In July 2019, Mehmet Tohti was just hours away from speaking publicly to politicians about the Chinese government’s horrific abuse of the Uyghur population in Xinjiang when he received a message on Twitter:
“Your f—ing mother is dead,” it read.
Tohti had lost contact with his mother in late 2016, three years earlier. He had started to become more vocal about the mass detention and abuse of the Uyghur population in Xinjiang, publicly calling it a genocide and alleging the existence of concentration camps.
“And then my mother and 37 family members, close relatives, disappeared,” Tohti said.
“Since October 23, 2016, no phone, no message…nothing.”
He never heard from his mother again.
“I love her so much,” Tohti said softly.
His story is just one of many for activists who speak out against the Chinese government in Canada. Despite being separated by an ocean, the Chinese Communist Party (CCP) and its supporters have methods of keeping activists in Canada under their thumb — and there’s very little that Canadian law enforcement can do about it.

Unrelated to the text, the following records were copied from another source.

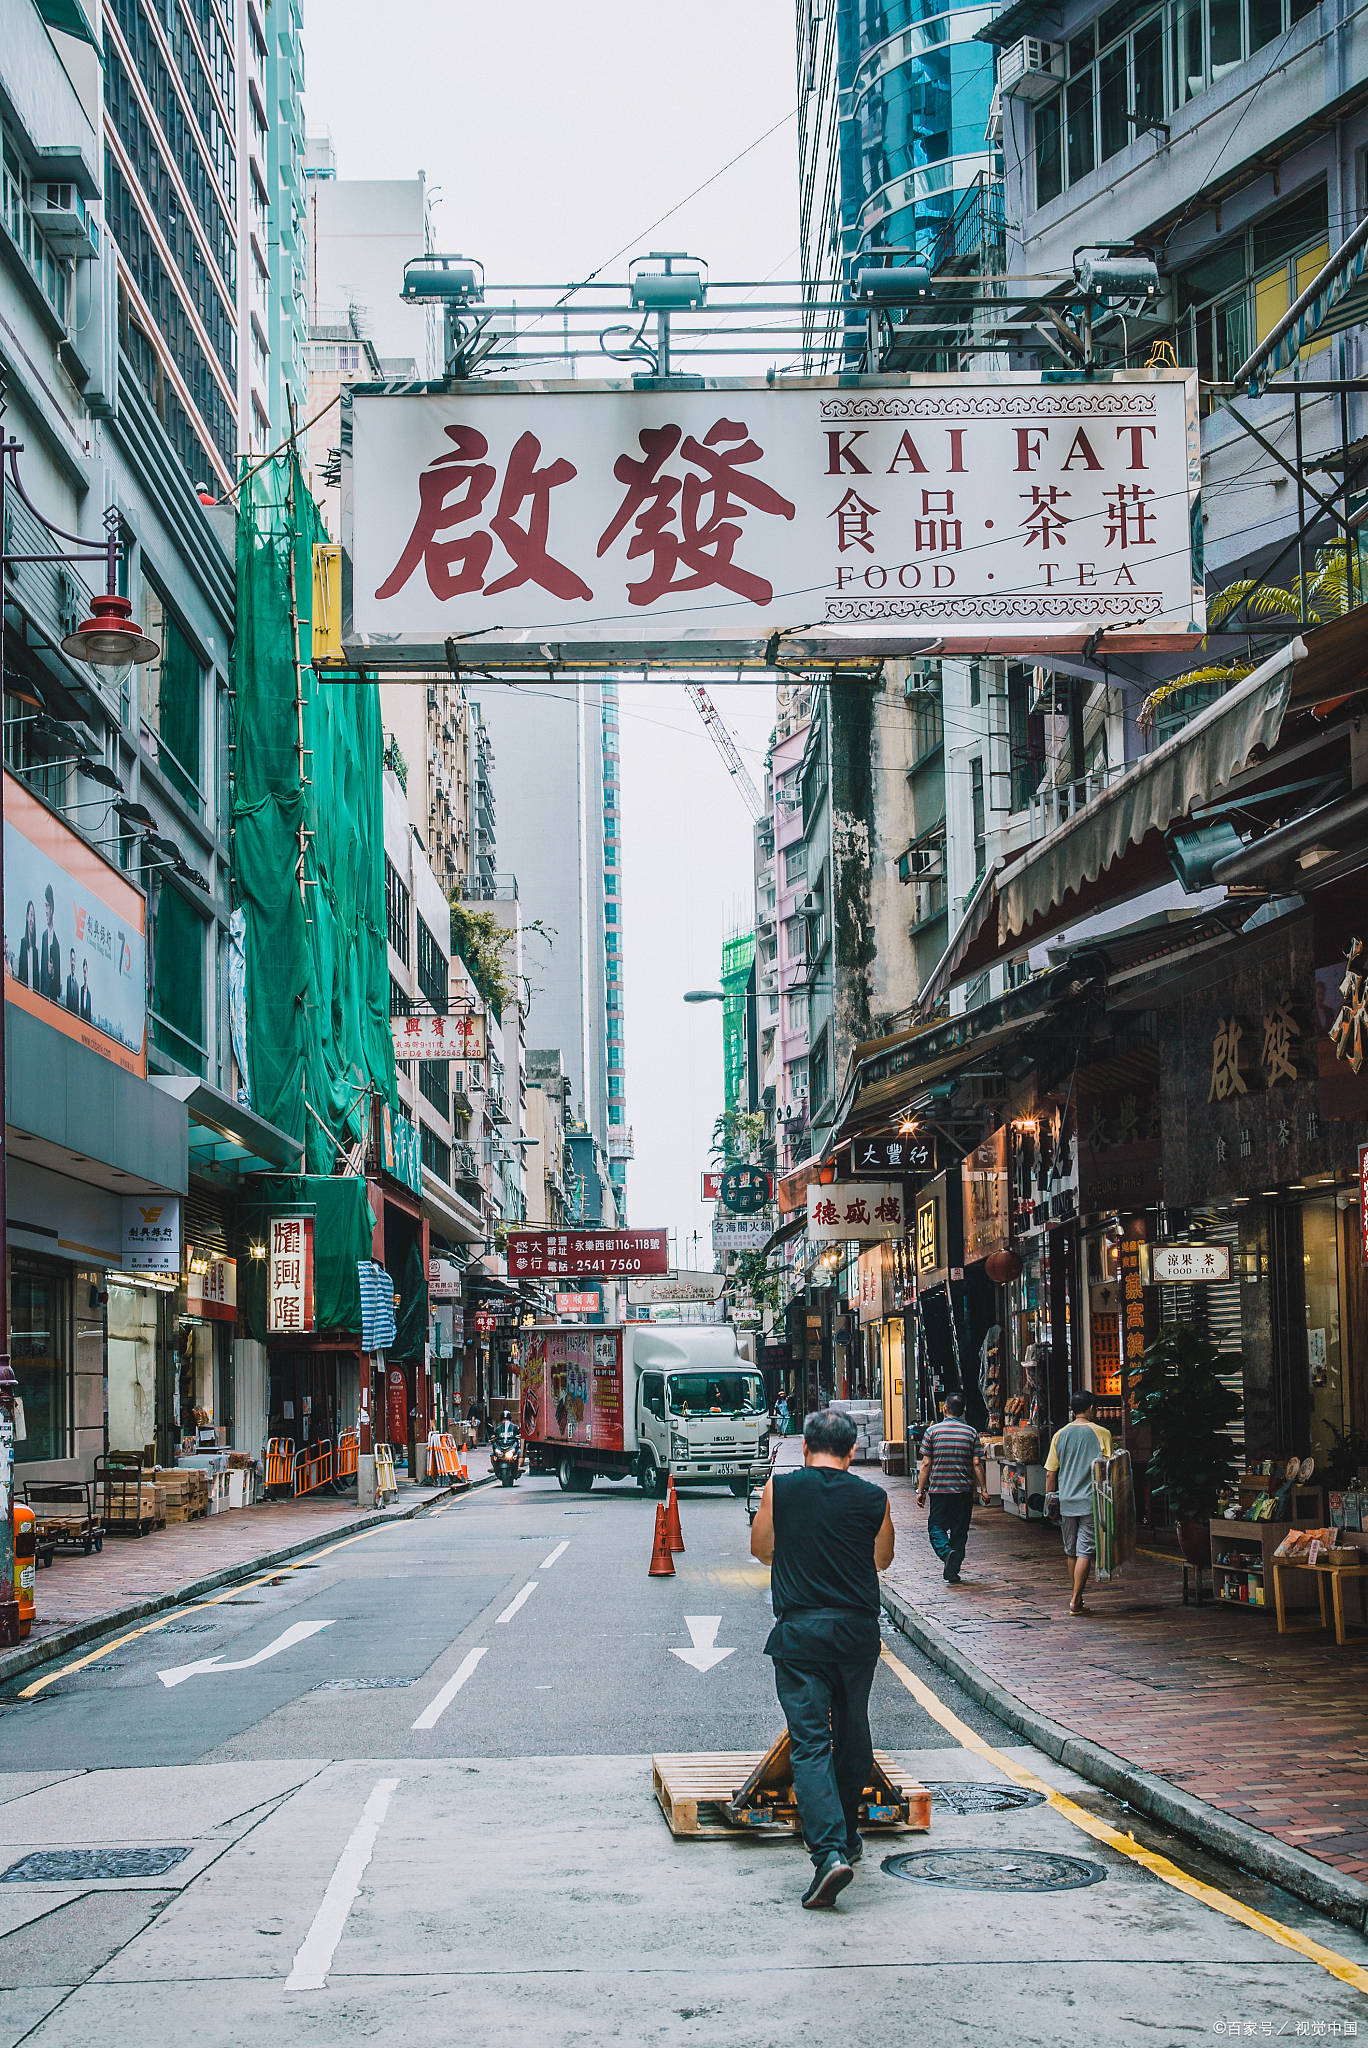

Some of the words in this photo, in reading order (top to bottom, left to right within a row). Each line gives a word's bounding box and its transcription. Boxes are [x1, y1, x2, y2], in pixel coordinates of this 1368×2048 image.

[823, 427, 969, 474] KAI
[1012, 425, 1158, 472] FAT
[375, 417, 796, 607] 啟發
[835, 564, 956, 591] FOOD
[1039, 562, 1136, 587] TEA
[390, 1017, 475, 1038] 興賓館
[1207, 996, 1300, 1104] 啟發
[860, 1142, 928, 1165] 大豐行
[577, 1260, 605, 1271] 2541
[610, 1258, 640, 1270] 7560

Cherie Wong is painfully aware of this reality.
Cherie Wong describes threats she’s faced while advocating for Hong Kong, intimidation from Chinese government
She had already faced repeated death and rape threats. Knowing full well the kind of intimidation and threats that activists critical of the Chinese government face, Wong had a friend book her Vancouver hotel room under a different name. It was January of 2020, and she was in town to launch her organization, Alliance Canada Hong Kong, which fights for the autonomy of the region.

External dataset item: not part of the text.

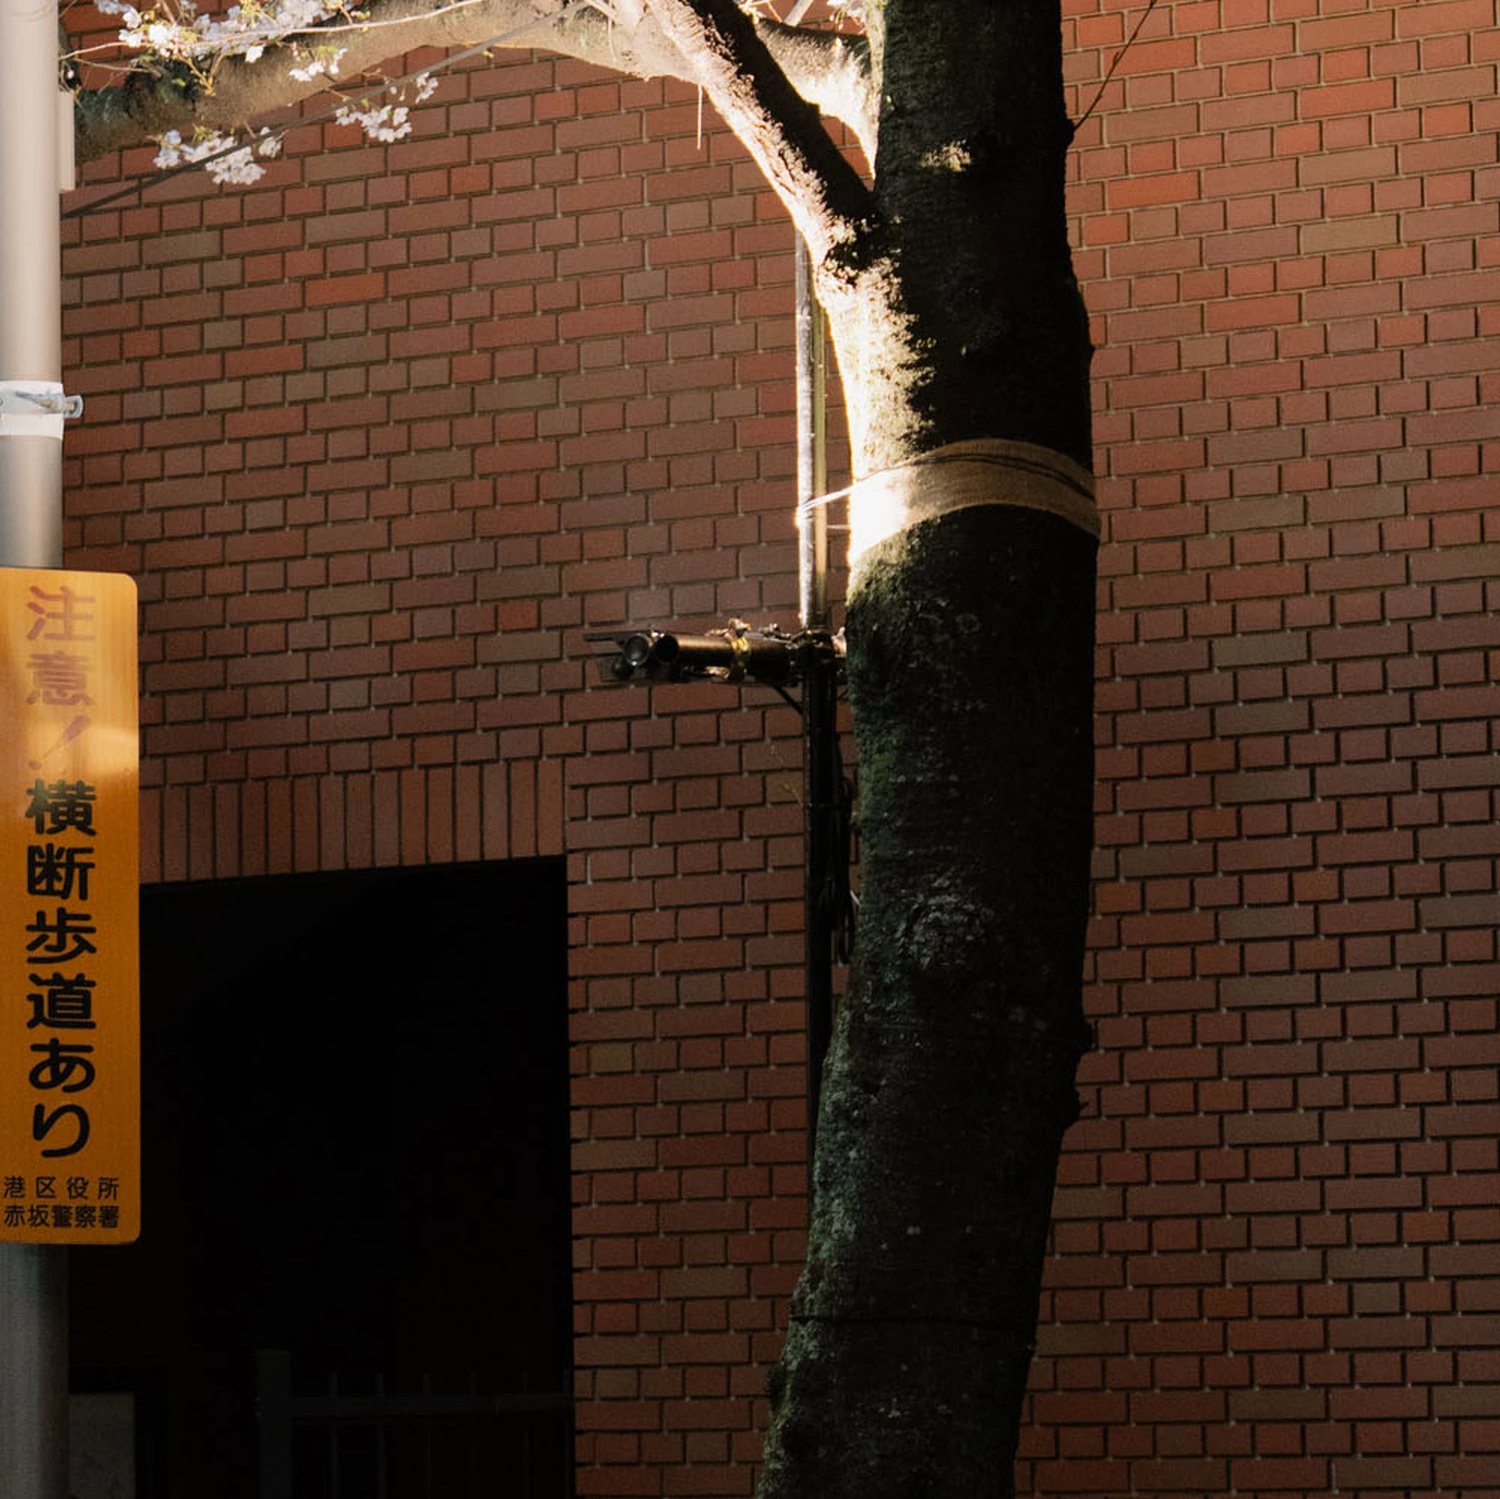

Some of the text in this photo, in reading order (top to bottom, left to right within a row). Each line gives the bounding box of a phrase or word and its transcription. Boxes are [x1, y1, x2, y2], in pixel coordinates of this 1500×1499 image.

[25, 779, 97, 1158] 横断歩道あり
[3, 1175, 120, 1200] 港区役所
[3, 1204, 120, 1228] 赤坂警察署

Sitting in her hotel room, the phone began to ring.
When she answered, she says she was greeted by an intimidating voice. It kept repeating, “we’re coming to get you.”

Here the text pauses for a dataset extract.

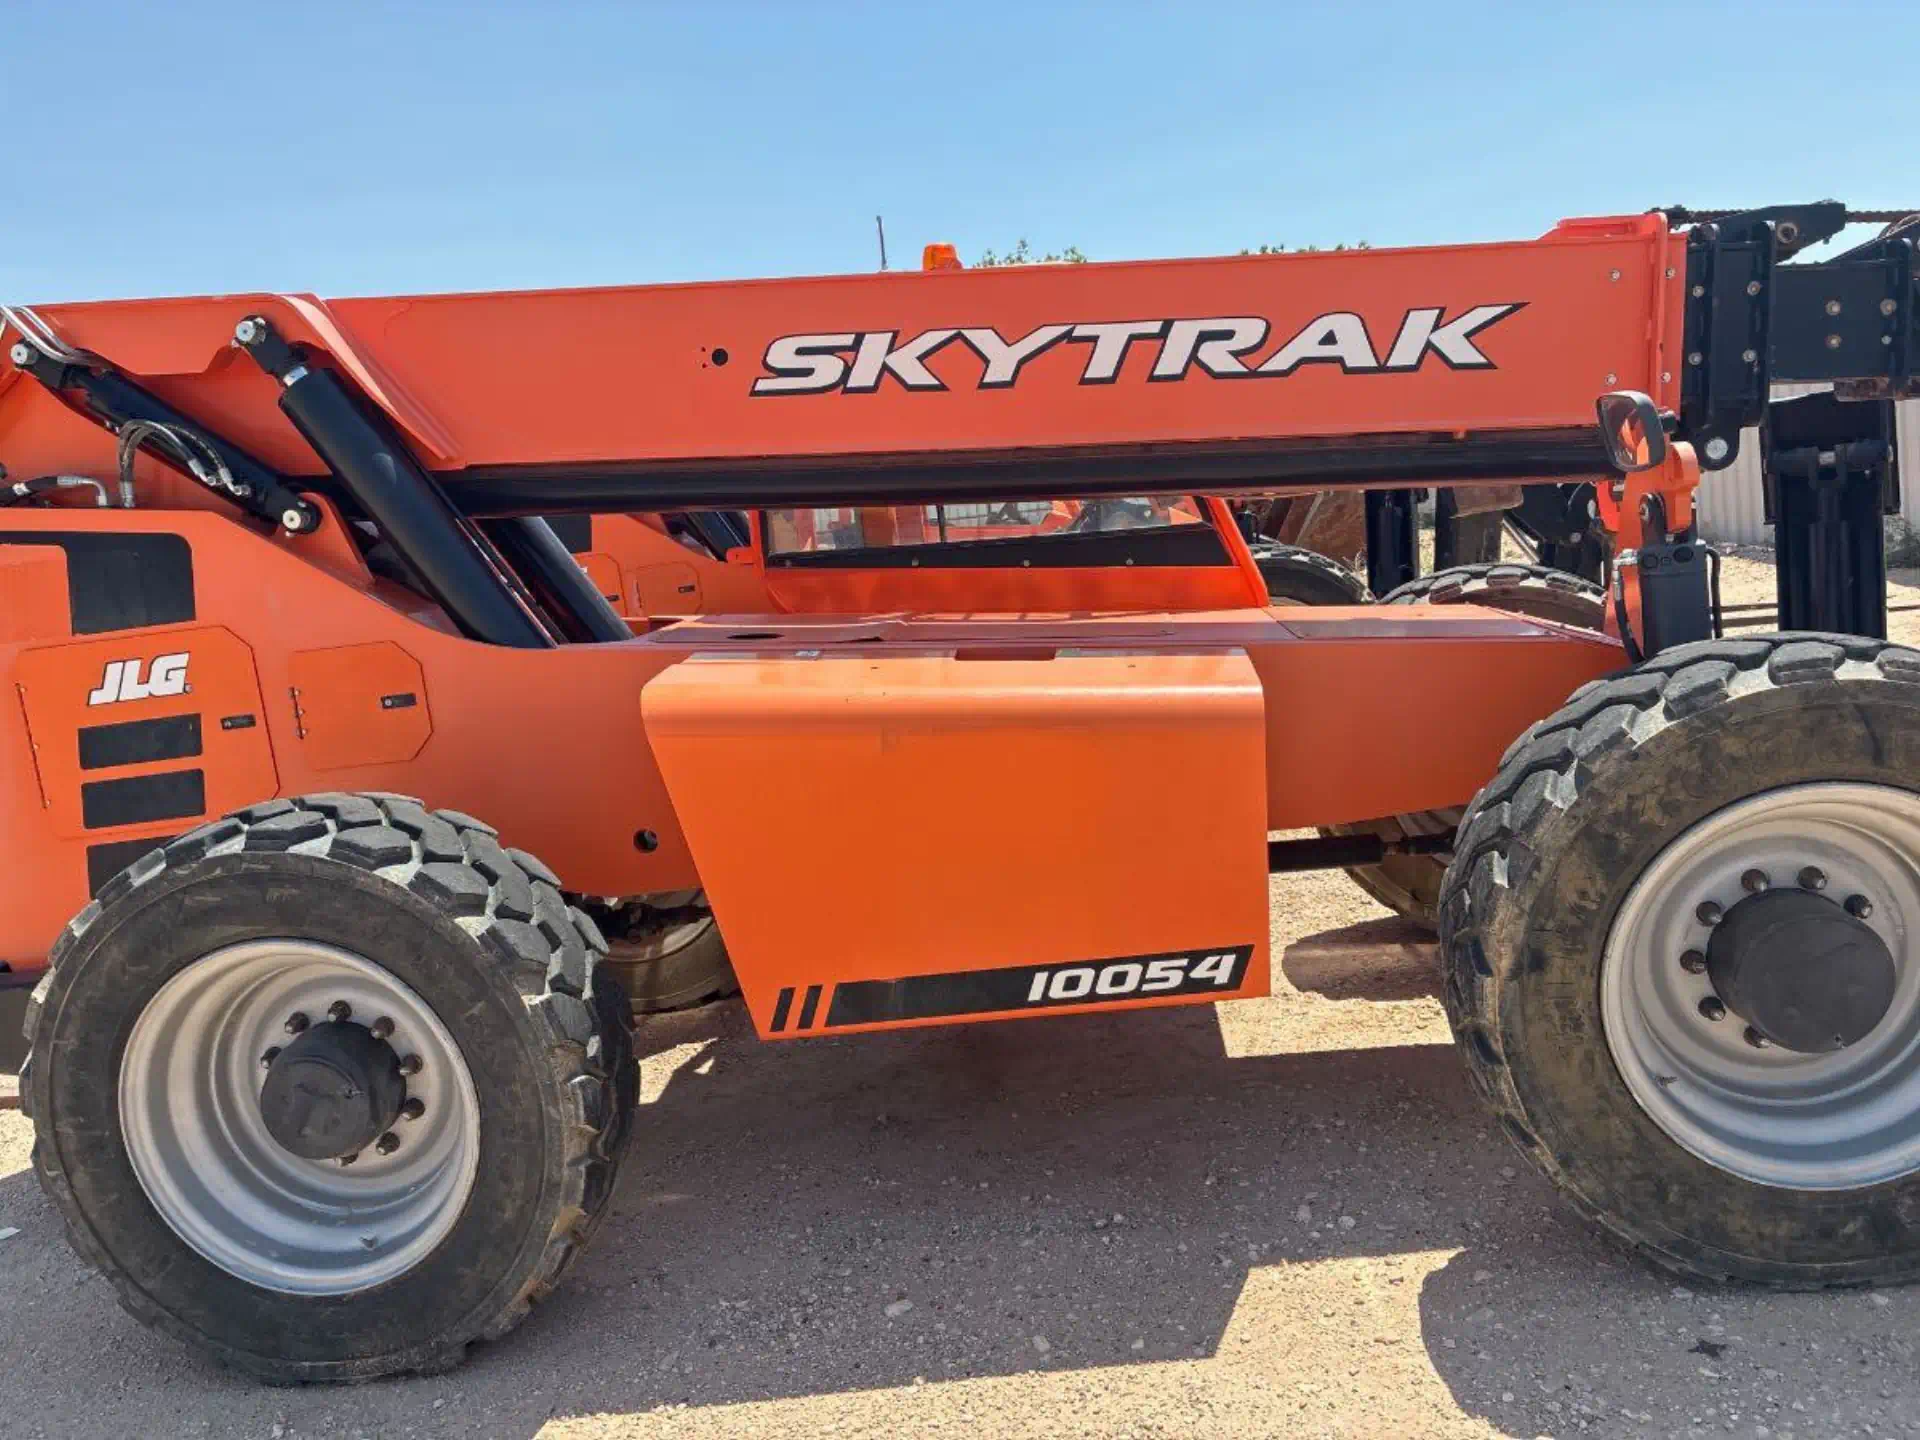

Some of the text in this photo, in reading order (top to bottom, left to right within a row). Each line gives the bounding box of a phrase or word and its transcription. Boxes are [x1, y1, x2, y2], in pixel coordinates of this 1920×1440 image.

[750, 302, 1529, 396] SKYTRAK
[87, 651, 191, 706] JLG
[1028, 953, 1236, 1001] 10054

“It was a very threatening tone on the phone, telling me that ‘we know where you are, this is your room number, and we’re coming to get you,’” Wong said.
She had no idea who it was, but they knew her name and hotel room number — despite the fact that she had taken precautions to shroud that information from anyone contacting the hotel.
“I sat in my room and just started shaking, realizing that I could be in very real danger and not knowing what to do,” she said.
She said she contacted the police, but they told her there was nothing they could do about it. This is a key part of the problem, Wong said: the intimidation activists face often falls into a legal grey area, where there’s very little Canada can do.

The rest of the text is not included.